Objectives: To give an overview on PSA isoforms that might help to improve specificity in Prostate Cancer (PCa) diagnosis. Methods: The authors review all the recent papers dealing with the effectiveness of PSA isoforms to improve the diagnosis potential of total PSA: percentage of free PSA (%fPSA) complexed PSA (cPSA), ProPSA, BPSA. Results: 10 to 30% of PSA is free in the serum and composed of various isoforms. It is composed of 3 distinct isoforms: ProPSA, BPSA and iPSA (for "intact PSA" which decreases with cancer). With the use of a single cut-off value of 25%, %fPSA specificity can be increased by 30% while maintaining 95% sensitivity.
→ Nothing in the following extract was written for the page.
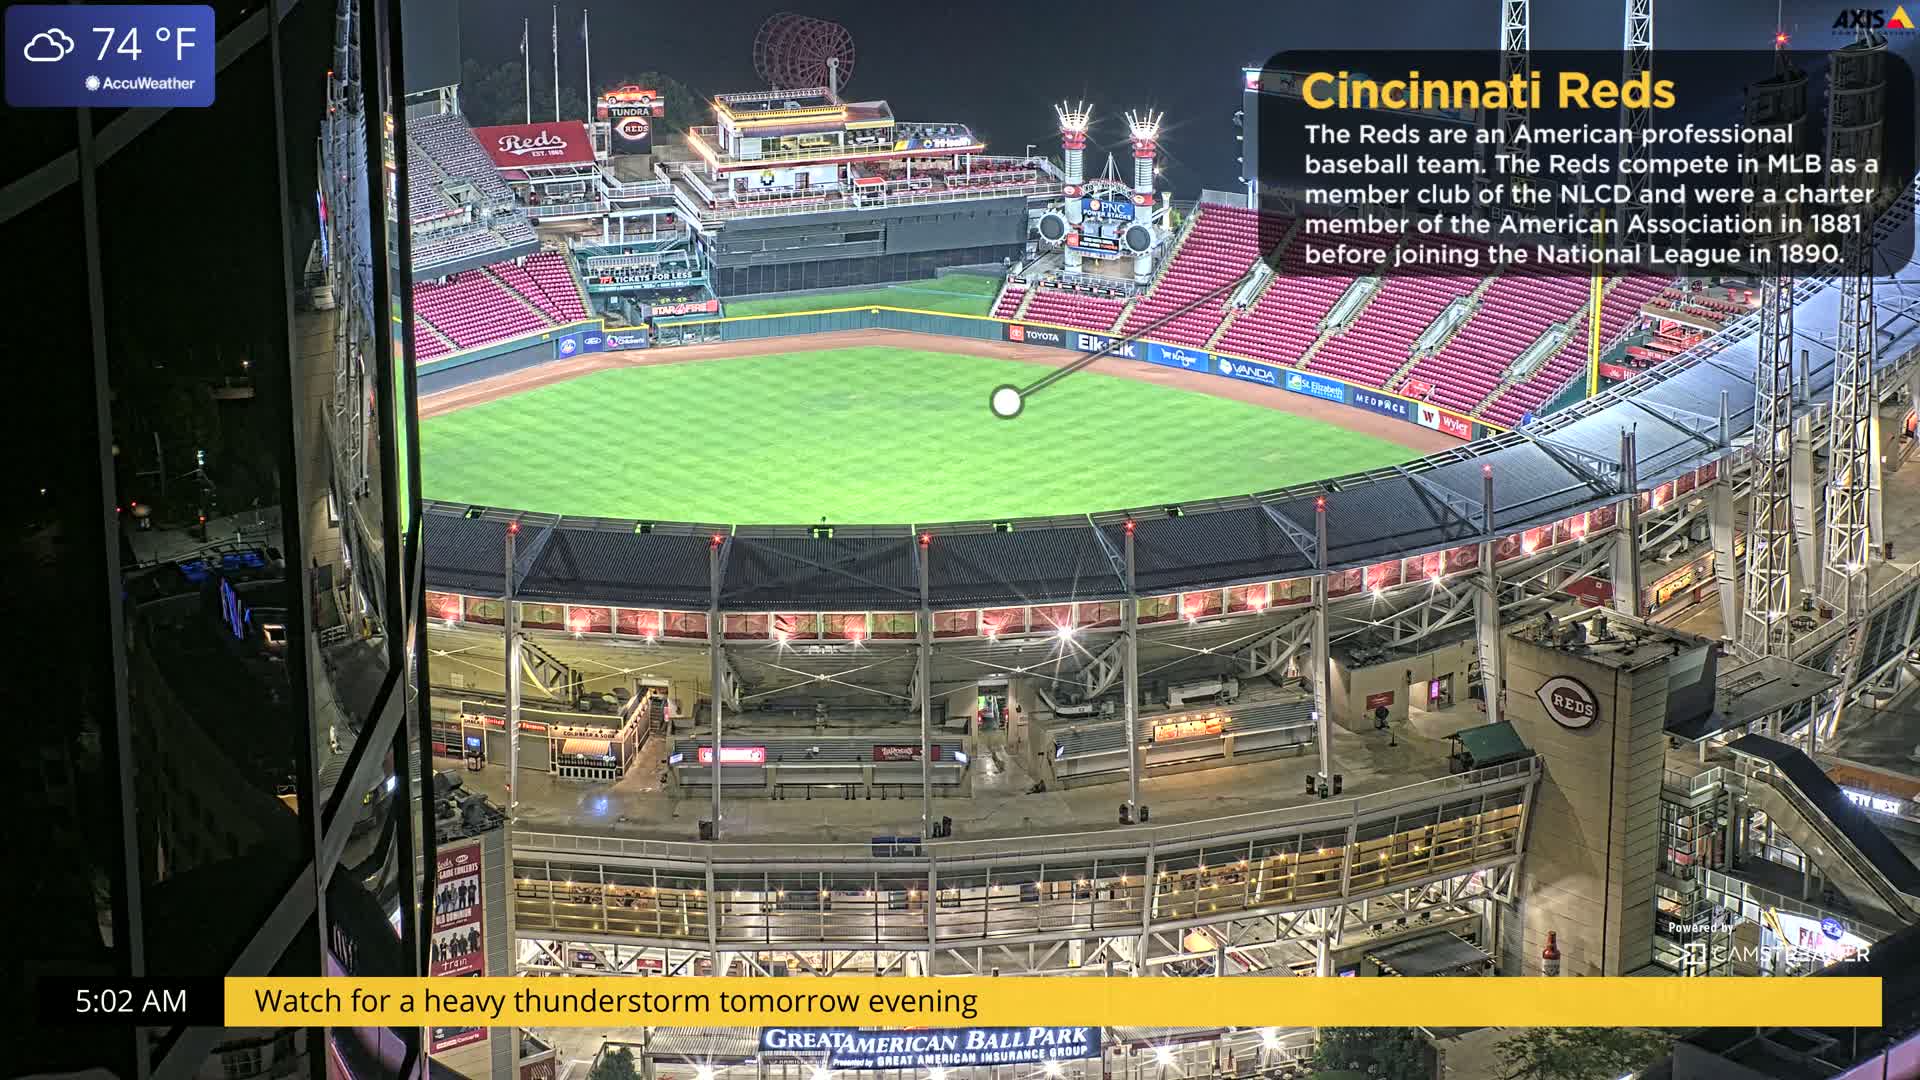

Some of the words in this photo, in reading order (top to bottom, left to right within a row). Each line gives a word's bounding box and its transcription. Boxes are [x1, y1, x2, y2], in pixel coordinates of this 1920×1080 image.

But free PSA measurement has limitations: namely specimen handling, assay variation and uncertainty about the appropriate reflex range. European and American multiinstitutional studies of cPSA have shown that this isoform has similar sensitivity and specificity values as %fPSA and that both perform better than total PSA in a PSA range of 2-10 ng/ml. The precursor form of PSA (pro-PSA), especially its truncated (-2) form is significantly increased in PCa patients. However, so far no study has showed for low PSA range an advantage of (-5, -7) proPSA over %fPSA. BPSA is still under investigation and reports on its clinical interest are still awaited. Conclusions: The performance of total serum PSA still needs to be improved. Several studies show potential clinical interest of PSA isoforms to improve specificity in PCa diagnosis. These preliminary results have to be confirmed especially with the most recently used isoforms: proPSA and BPSA. (c) 2006 Published by Elsevier B.V.